Date of Submission
Bachelor of Architecture
This thesis began with exploring low-cost prefab dwelling units to be implemented in struggling communities with extreme poverty, homelessness, and unemployment. The initial research on modular units shifted to focus on our healthcare infrastructure challenges here at home given the COVID-19 crisis.
“Coronavirus disease 2019 (COVID-19) has had a substantial impact on racial and ethnic minority populations and essential workers in the United States …”1 This disease disproportionately impacts poor and rural communities in the United States, showing double the mortality than urban areas simply due to the neglected environment2. Emergency assistance is needed to expand the care capacity in these communities. How can architecture play a critical role in transforming emergency healthcare design to improve the response during a crisis by exploring the possibilities with modern technology?

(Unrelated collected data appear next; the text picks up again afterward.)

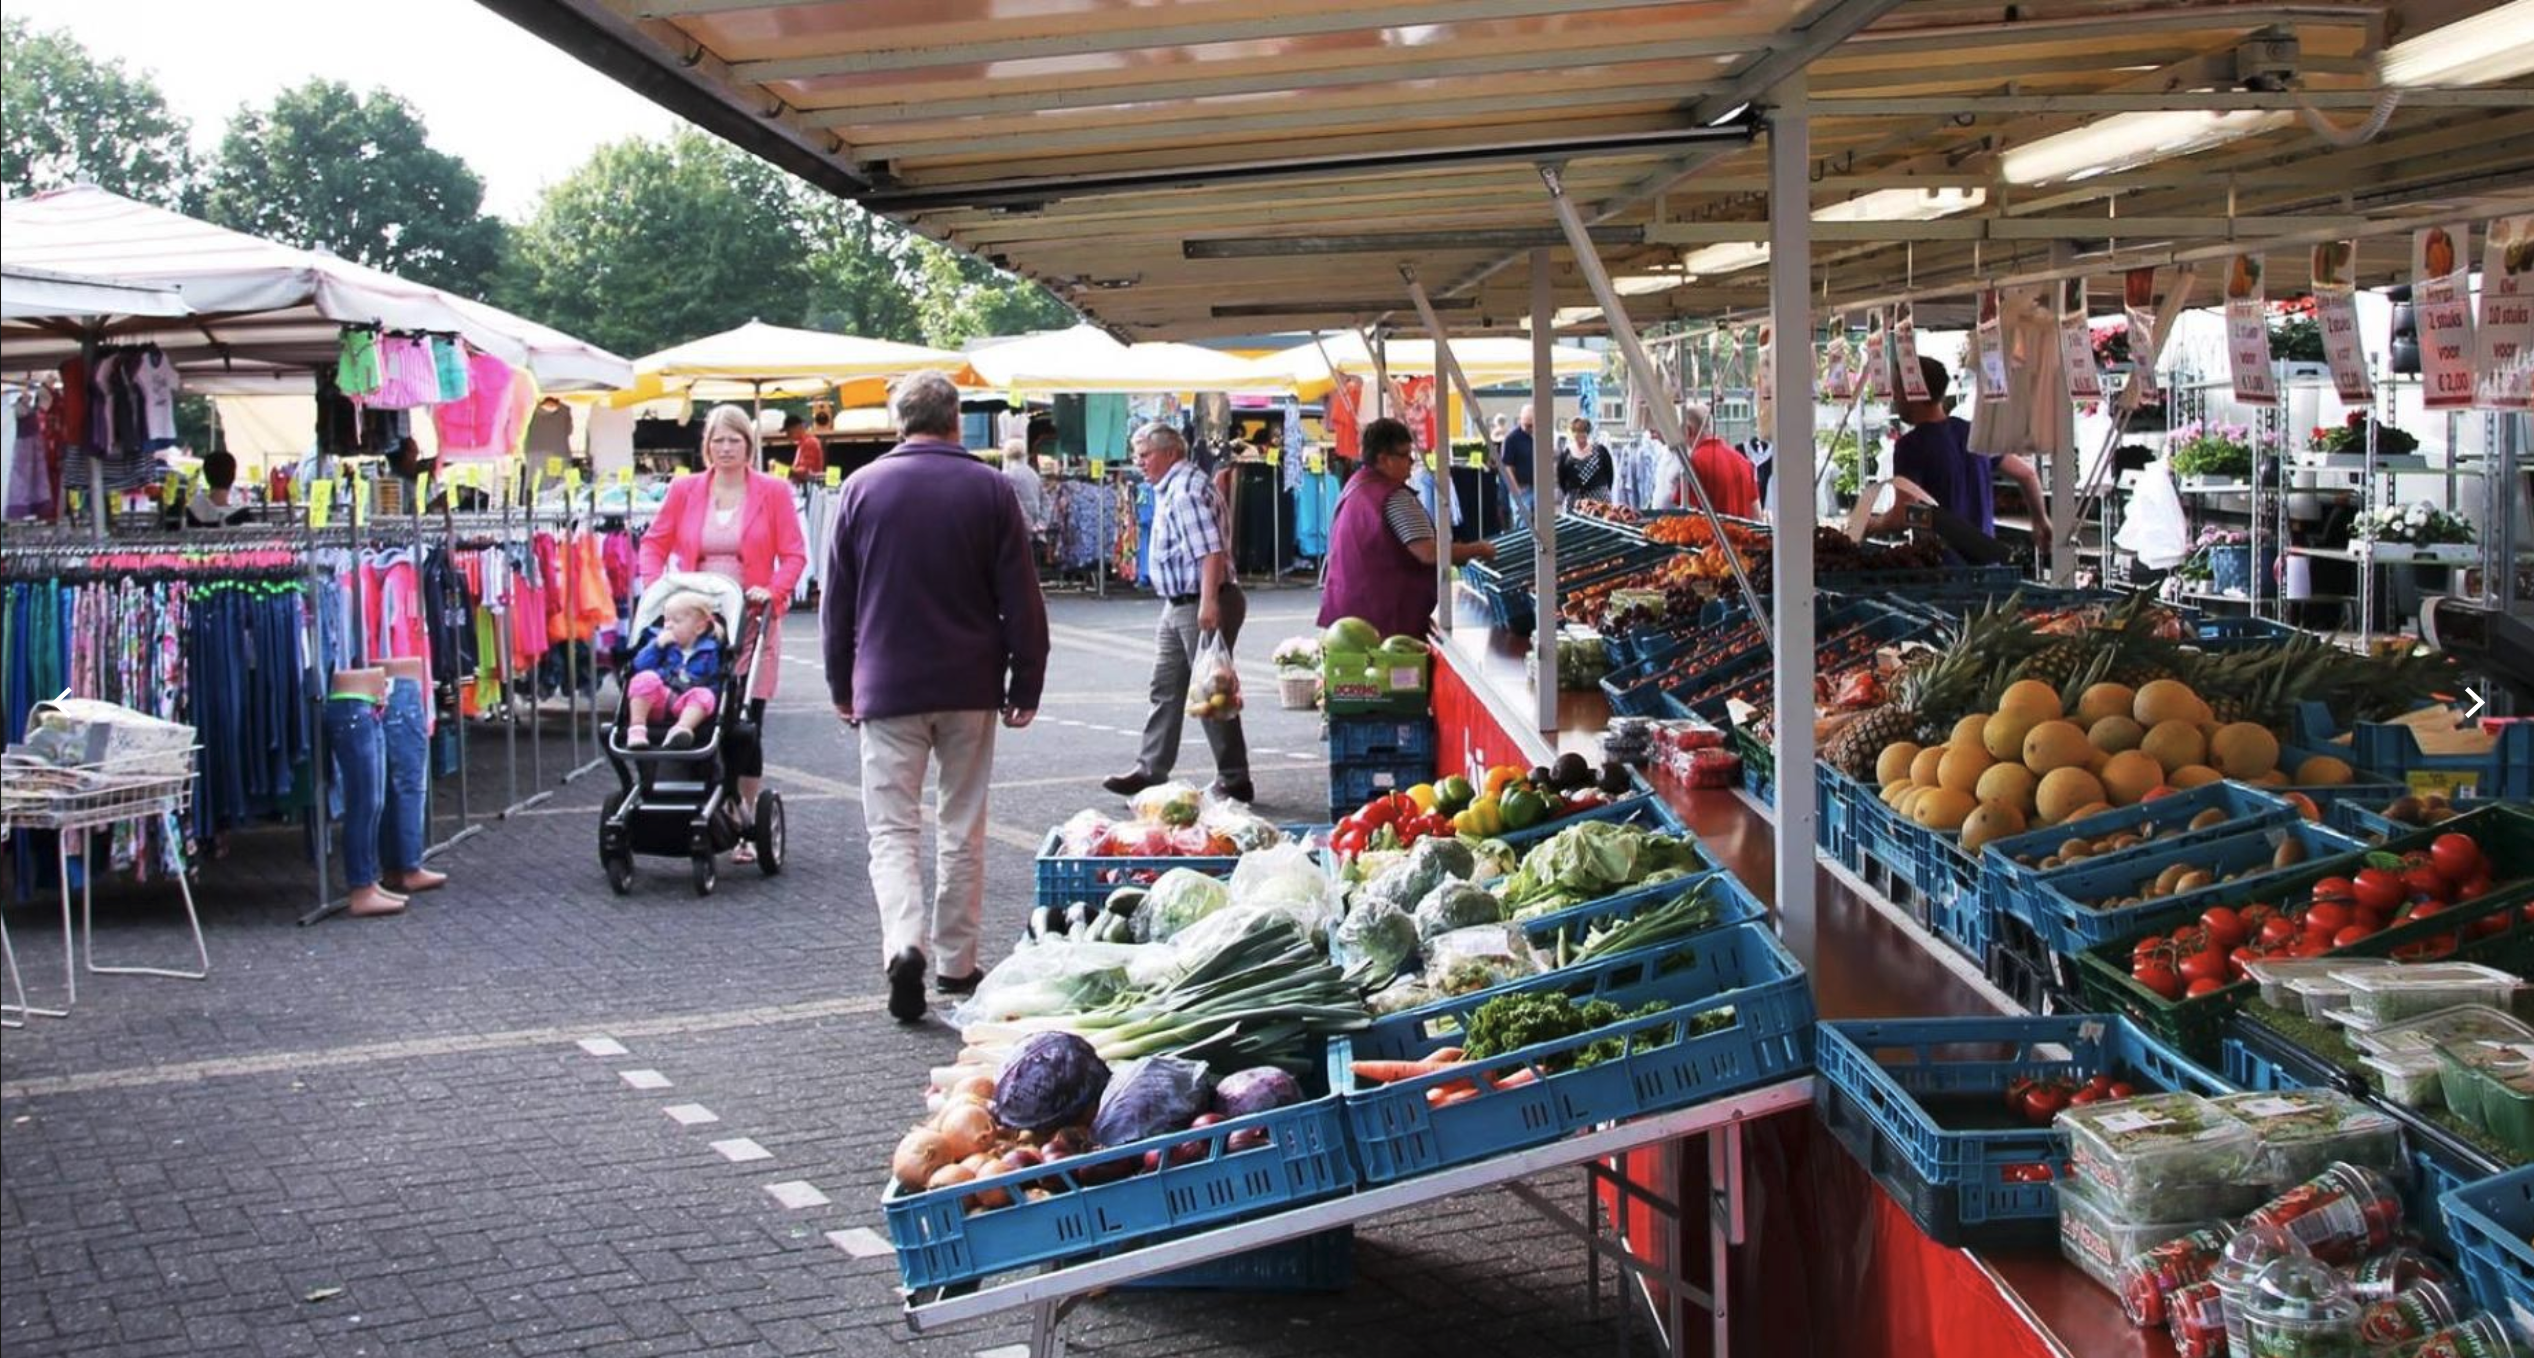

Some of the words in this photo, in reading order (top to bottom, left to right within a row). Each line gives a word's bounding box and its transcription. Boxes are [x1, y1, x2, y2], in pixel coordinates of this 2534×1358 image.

[2428, 312, 2436, 330] 2
[2437, 310, 2463, 329] stuks
[2488, 305, 2501, 325] 10
[2502, 305, 2529, 325] stuks
[2438, 344, 2460, 361] voor
[2493, 341, 2518, 359] voor
[2438, 372, 2445, 392] €
[2446, 371, 2469, 392] 2,00

The current solution for expanded care is eerily similar to the strategy of over century ago during the 1918 flu pandemic, using tents as field hospitals, along with convention centers, stadiums, and churches housing hundreds of infected patients in open spaces not designed for a hospital’s sensitive care. I am researching to develop a temporary, but resilient, modular emergency deployment care unit which can be used to test, care, and house patients who are at risk to this pandemic and other infectious diseases. MEDkit aims to be unique due to a collapsible frame for quick transport, and structural integrity to withstand the weather for prolonged periods. My research will challenge the geometry, structure, and deployment of the modular unit by exploring new technology to design a computerized deployment method driven by data. If the healthcare system’s range does not become more widespread people’s health will continue to be at risk.